On April 11, 2012, we completed a restructuring of our debt and equity accounts that involved the conversion of all of our outstanding secured convertible debt and all of the Series A Convertible Preferred shares into 3,928,620 shares of common stock.  In addition, during the period May 10, 2012 through May 31, 2012, 1,624,477 common stock warrants were exercised pursuant to a program under which we temporarily reduced the exercise price on all of our common stock warrants to $0.01 per share.    As of May 31, 2013, we had reserved for issuance up to approximately 527,270 additional shares of common stock under the terms of the remaining warrants and options to purchase our common stock (but excluding shares issuable upon SMG’s conversion of Series B Convertible Preferred Stock and upon exercise of the warrant (as described in the risk factor above and in Note 8 “Subsequent Events” to our financial statements).

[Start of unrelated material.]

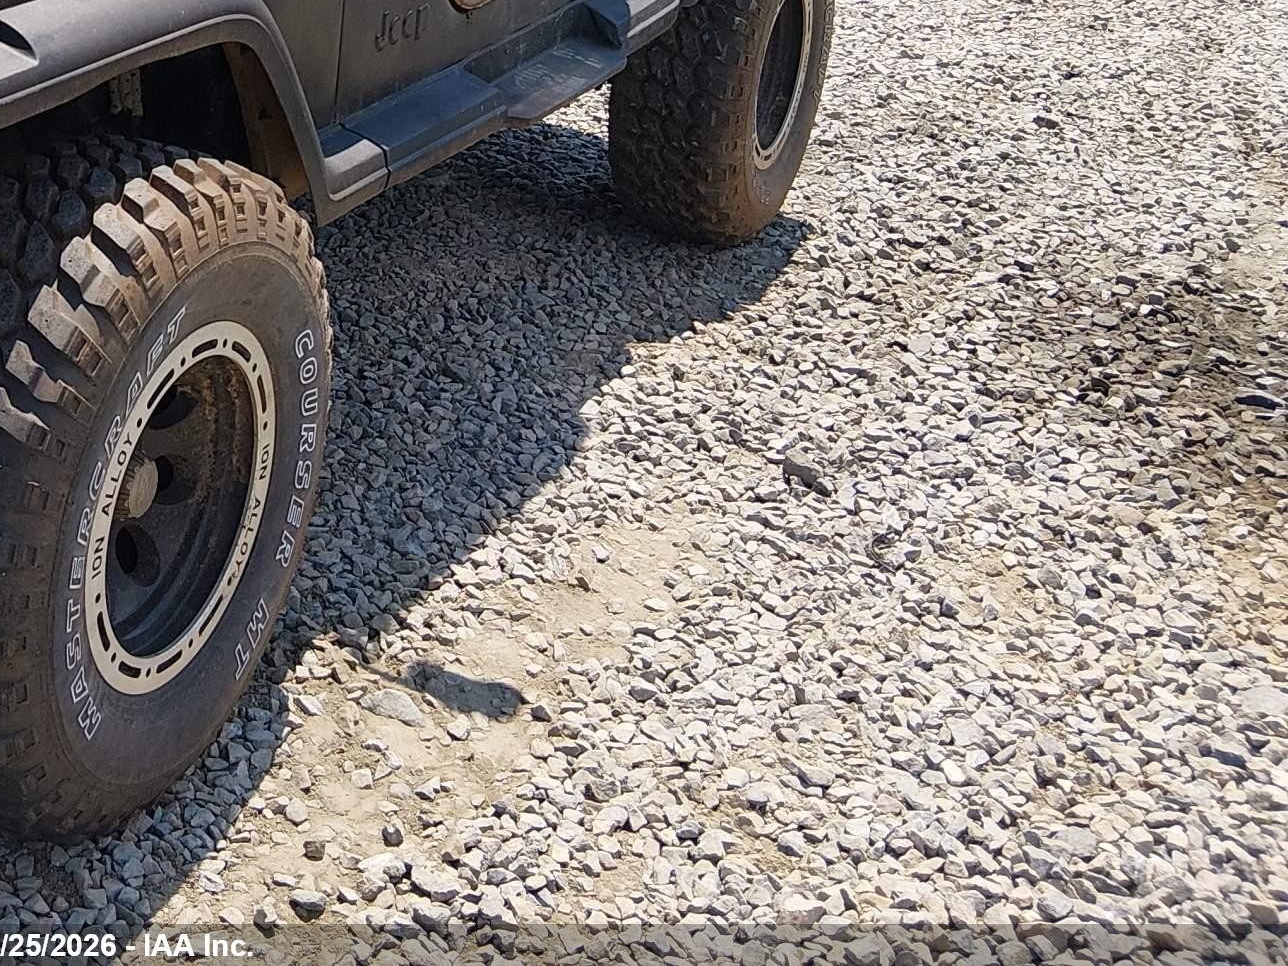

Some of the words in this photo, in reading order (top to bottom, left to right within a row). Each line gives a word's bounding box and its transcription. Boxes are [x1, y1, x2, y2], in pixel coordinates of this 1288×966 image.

For the length of time the warrants and options are outstanding, the holders will have an opportunity to profit from a rise in the market price of our common stock without assuming all the risks of common share ownership. This may adversely affect the terms upon which we can obtain additional capital. The holders of such derivative securities would likely exercise or convert them at a time when we would be able to obtain equity capital on terms more favorable than the exercise or conversion prices provided by the notes, warrants or options.

Further, future sales of substantial amounts of these shares, or the perception that such sales might occur, could cause the market price of our common stock to decline and could impair the value of an investment in our common stock and our ability to raise equity capital in the future.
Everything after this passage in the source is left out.